L'univers des marionnettes est complexe, il existe des tonnes de procédés, tous plus ingénieux les uns que les autres. On se propose de faire un tour dans cet univers artistique.

Le monde au-travers de ces pantins

Les marionnettes peuvent être animées par-derrière. La manipulation est alors dite «horizontale». C'est le cas pour les marionnettes du bunraku, pour les marionnettes à clavier et pour certaines à tiges. La manipulation des marionnettes du bunraku est partagée entre trois personnes : le leader, qui supporte tout le poids de la poupée, fait bouger son corps avec le bras gauche, sa tête avec la main gauche, tandis que, de la main droite, il fait bouger son bras droit. Un premier assistant fait bouger le bras gauche, un second assistant anime les pieds et la bordure du costume. Nous disons «bordure du costume» parce que les poupées japonaises qui représentent des femmes glissent tels des fantômes. Elles n'ont pas de jambes comme ce pantin national bien connue qui se nomme guignol.

Le manipulateur étend ou plie la bordure du costume pour faire marcher ou s'asseoir les poupées. Les marionnettes à clavier reposent sur un socle que le manipulateur déplace le long d'une tablette. Munies d'un «gapit», elles sont souvent animées par un système compliqué de mécanismes propres à faire mouvoir la tête et les bras.
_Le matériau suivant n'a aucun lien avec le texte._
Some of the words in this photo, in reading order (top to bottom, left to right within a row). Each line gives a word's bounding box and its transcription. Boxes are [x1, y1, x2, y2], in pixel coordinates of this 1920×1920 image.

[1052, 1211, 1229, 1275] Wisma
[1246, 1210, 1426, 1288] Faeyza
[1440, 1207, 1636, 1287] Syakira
D’autres systèmes de manipulations

Les marionnettes à tiges chinoises, dites aussi marionnettes à baguettes, et celles du théâtre d'ombres turc et grec sont actionnées horizontalement. Il est des tiges inattendues; par exemple, celles qu'ont inventées les comédiens du théâtre FMR pour Ce soir, je sors : deux tiges, fichées au bout de leurs chaussures spéciales, viennent s'ajouter aux deux tiges avec lesquelles ils actionnent les bras de leurs poupées.

Il est certain que les distinctions proposées sont arbitraires, qu'un même spectacle peut utiliser l'une ou l'autre technique, que, relevant du procédé, la manipulation est sujette à variations.